• [EXERCISE OBJECTIVE]: Below are records to be output exactly, every one of them.

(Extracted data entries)
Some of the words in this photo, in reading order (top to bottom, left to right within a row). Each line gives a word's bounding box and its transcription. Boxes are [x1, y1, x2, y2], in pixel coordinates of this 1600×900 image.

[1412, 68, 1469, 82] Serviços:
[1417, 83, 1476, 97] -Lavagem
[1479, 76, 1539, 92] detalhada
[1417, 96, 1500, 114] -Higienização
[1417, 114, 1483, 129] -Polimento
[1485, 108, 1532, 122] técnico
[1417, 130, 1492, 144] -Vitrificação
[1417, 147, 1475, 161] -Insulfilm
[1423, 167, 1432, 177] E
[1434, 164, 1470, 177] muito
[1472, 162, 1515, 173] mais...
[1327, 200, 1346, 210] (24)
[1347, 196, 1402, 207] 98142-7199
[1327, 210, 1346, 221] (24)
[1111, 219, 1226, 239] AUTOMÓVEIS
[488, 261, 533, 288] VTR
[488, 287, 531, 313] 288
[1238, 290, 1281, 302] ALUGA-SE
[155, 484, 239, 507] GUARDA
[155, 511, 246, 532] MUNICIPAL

• [EXPECTED ANSWER]:
Some of the words in this photo, in reading order (top to bottom, left to right within a row). Each line gives a word's bounding box and its transcription. Boxes are [x1, y1, x2, y2], in pixel coordinates of this 1600×900 image.

[1412, 68, 1469, 82] Serviços:
[1417, 83, 1476, 97] -Lavagem
[1479, 76, 1539, 92] detalhada
[1417, 96, 1500, 114] -Higienização
[1417, 114, 1483, 129] -Polimento
[1485, 108, 1532, 122] técnico
[1417, 130, 1492, 144] -Vitrificação
[1417, 147, 1475, 161] -Insulfilm
[1423, 167, 1432, 177] E
[1434, 164, 1470, 177] muito
[1472, 162, 1515, 173] mais...
[1327, 200, 1346, 210] (24)
[1347, 196, 1402, 207] 98142-7199
[1327, 210, 1346, 221] (24)
[1111, 219, 1226, 239] AUTOMÓVEIS
[488, 261, 533, 288] VTR
[488, 287, 531, 313] 288
[1238, 290, 1281, 302] ALUGA-SE
[155, 484, 239, 507] GUARDA
[155, 511, 246, 532] MUNICIPAL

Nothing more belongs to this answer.